**WHAT NEEDS TO BE DONE:**
An exact transcription of all the records below is required, without any images.
::: DATA SHOWN
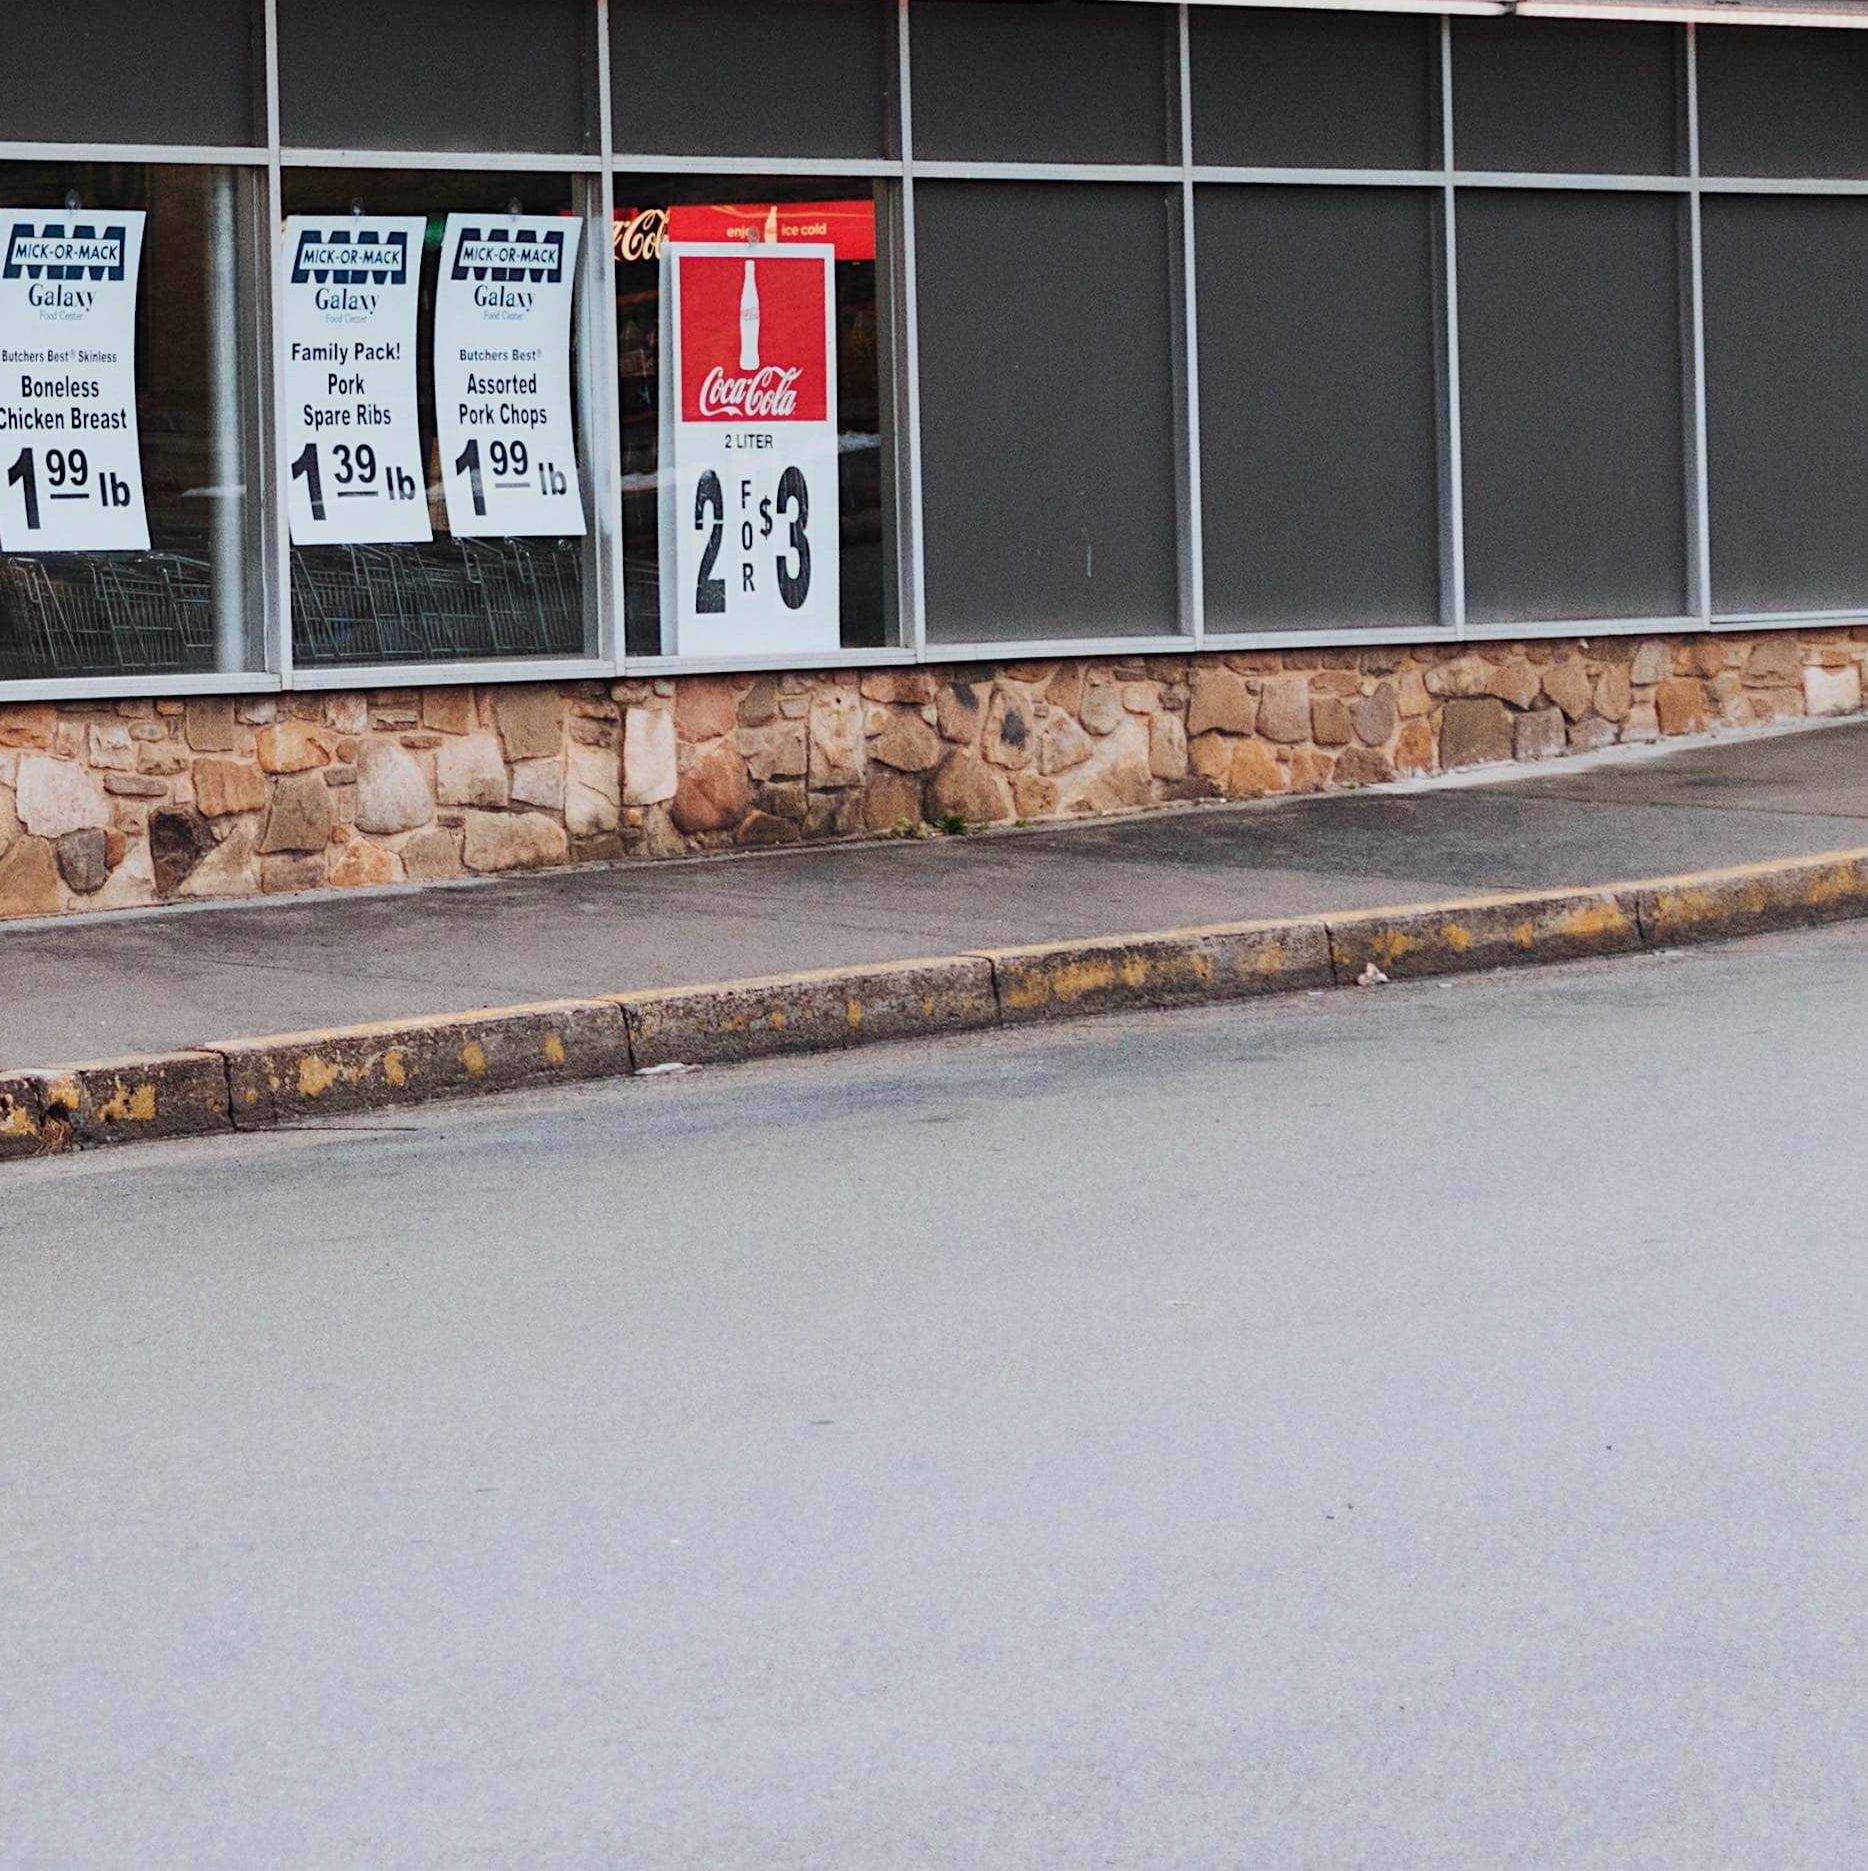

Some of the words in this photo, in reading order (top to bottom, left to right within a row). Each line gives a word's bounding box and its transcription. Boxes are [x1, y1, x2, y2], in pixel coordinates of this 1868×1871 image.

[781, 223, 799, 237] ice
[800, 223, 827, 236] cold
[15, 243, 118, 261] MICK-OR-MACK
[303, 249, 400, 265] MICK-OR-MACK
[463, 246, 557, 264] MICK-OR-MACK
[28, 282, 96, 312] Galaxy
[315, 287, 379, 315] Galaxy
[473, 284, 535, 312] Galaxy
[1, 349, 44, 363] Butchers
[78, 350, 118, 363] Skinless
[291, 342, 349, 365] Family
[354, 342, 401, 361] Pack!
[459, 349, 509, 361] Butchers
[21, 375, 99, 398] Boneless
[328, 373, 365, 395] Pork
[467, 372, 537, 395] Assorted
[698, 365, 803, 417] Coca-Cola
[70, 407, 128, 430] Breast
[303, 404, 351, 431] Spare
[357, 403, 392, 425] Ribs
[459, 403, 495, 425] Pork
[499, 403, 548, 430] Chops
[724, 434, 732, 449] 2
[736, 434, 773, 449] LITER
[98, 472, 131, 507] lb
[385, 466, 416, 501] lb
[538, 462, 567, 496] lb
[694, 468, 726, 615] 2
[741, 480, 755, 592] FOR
::::::
**RESULT FOR THIS EXERCISE:**
Some of the words in this photo, in reading order (top to bottom, left to right within a row). Each line gives a word's bounding box and its transcription. Boxes are [x1, y1, x2, y2], in pixel coordinates of this 1868×1871 image.

[781, 223, 799, 237] ice
[800, 223, 827, 236] cold
[15, 243, 118, 261] MICK-OR-MACK
[303, 249, 400, 265] MICK-OR-MACK
[463, 246, 557, 264] MICK-OR-MACK
[28, 282, 96, 312] Galaxy
[315, 287, 379, 315] Galaxy
[473, 284, 535, 312] Galaxy
[1, 349, 44, 363] Butchers
[78, 350, 118, 363] Skinless
[291, 342, 349, 365] Family
[354, 342, 401, 361] Pack!
[459, 349, 509, 361] Butchers
[21, 375, 99, 398] Boneless
[328, 373, 365, 395] Pork
[467, 372, 537, 395] Assorted
[698, 365, 803, 417] Coca-Cola
[70, 407, 128, 430] Breast
[303, 404, 351, 431] Spare
[357, 403, 392, 425] Ribs
[459, 403, 495, 425] Pork
[499, 403, 548, 430] Chops
[724, 434, 732, 449] 2
[736, 434, 773, 449] LITER
[98, 472, 131, 507] lb
[385, 466, 416, 501] lb
[538, 462, 567, 496] lb
[694, 468, 726, 615] 2
[741, 480, 755, 592] FOR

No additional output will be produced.